───── Input for this task ─────

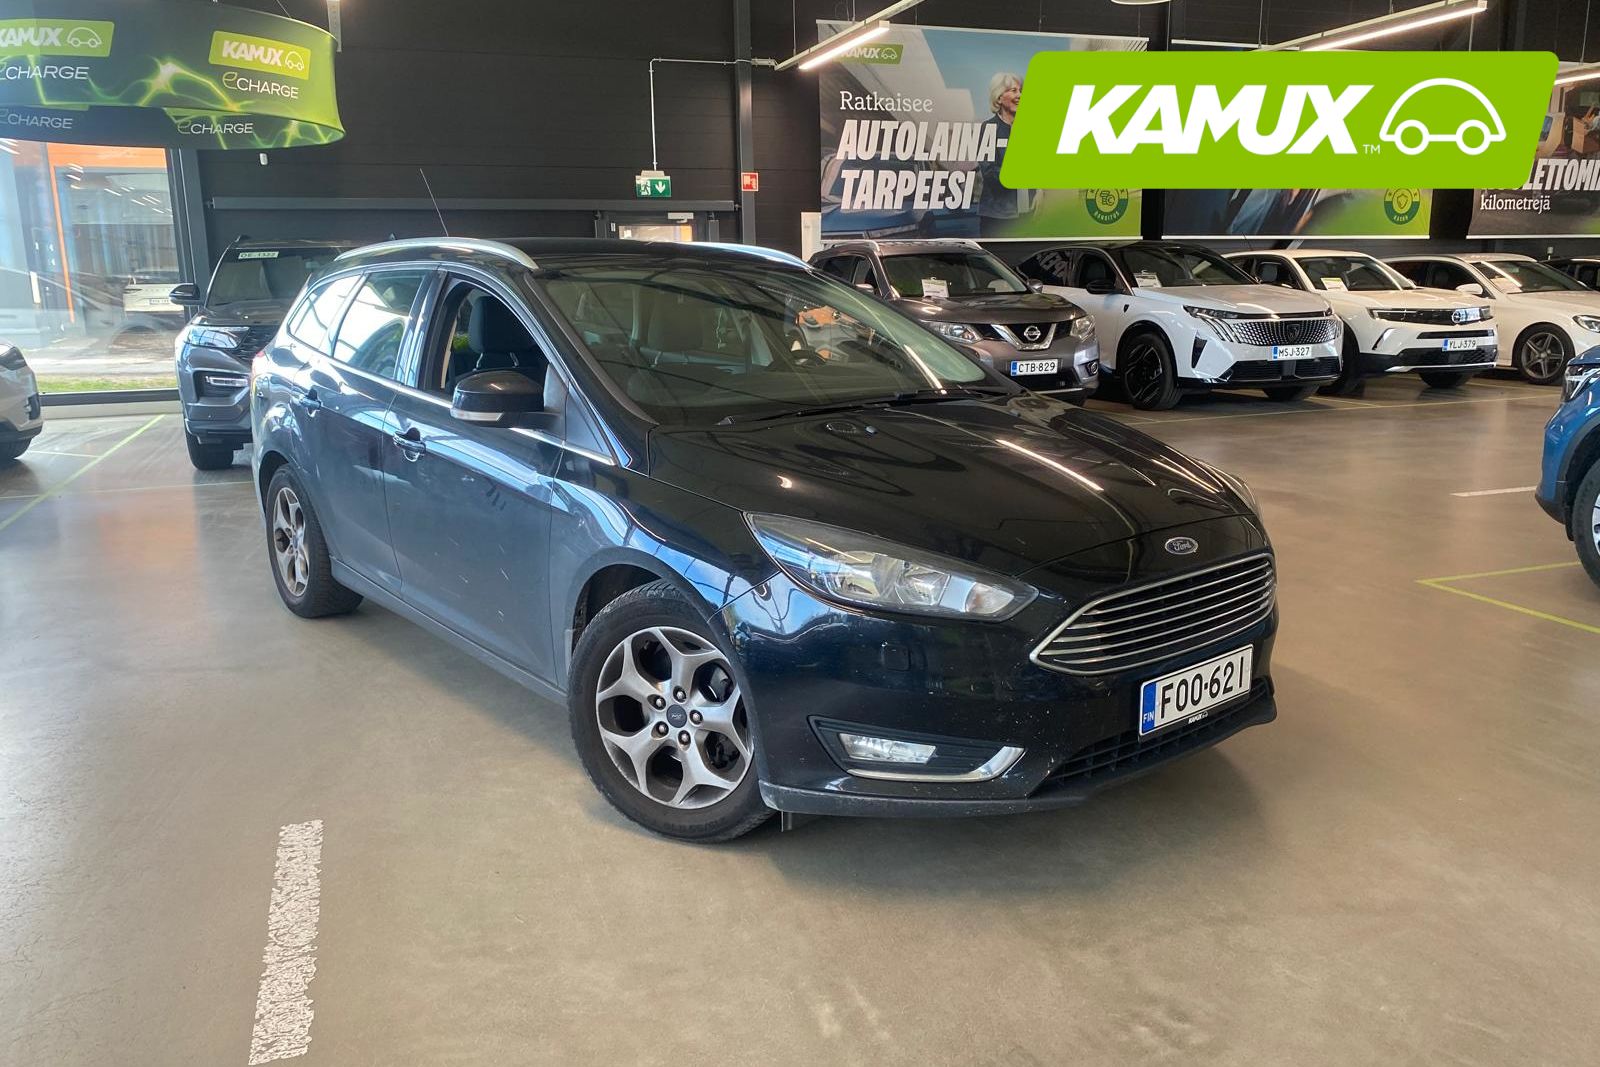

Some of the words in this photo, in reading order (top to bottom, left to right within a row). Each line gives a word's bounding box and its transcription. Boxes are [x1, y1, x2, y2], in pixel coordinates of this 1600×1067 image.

[222, 40, 284, 67] KAMUX
[841, 47, 881, 59] AMUX
[839, 90, 934, 113] Ratkaisee
[836, 119, 1008, 163] AUTOLAINA-
[840, 169, 976, 210] TARPEESI
[1480, 194, 1551, 215] kilometrejä
[1278, 346, 1311, 357] MSJ-327
[1449, 340, 1477, 349] YLJ-379
[1018, 362, 1056, 373] CTB-829
[1160, 656, 1245, 719] FOO-621
[1142, 710, 1155, 724] FIN

─────

Required work -
Output each entry shown above exactly as it stands, with all pictures removed.

Written response -
Some of the words in this photo, in reading order (top to bottom, left to right within a row). Each line gives a word's bounding box and its transcription. Boxes are [x1, y1, x2, y2], in pixel coordinates of this 1600×1067 image.

[222, 40, 284, 67] KAMUX
[841, 47, 881, 59] AMUX
[839, 90, 934, 113] Ratkaisee
[836, 119, 1008, 163] AUTOLAINA-
[840, 169, 976, 210] TARPEESI
[1480, 194, 1551, 215] kilometrejä
[1278, 346, 1311, 357] MSJ-327
[1449, 340, 1477, 349] YLJ-379
[1018, 362, 1056, 373] CTB-829
[1160, 656, 1245, 719] FOO-621
[1142, 710, 1155, 724] FIN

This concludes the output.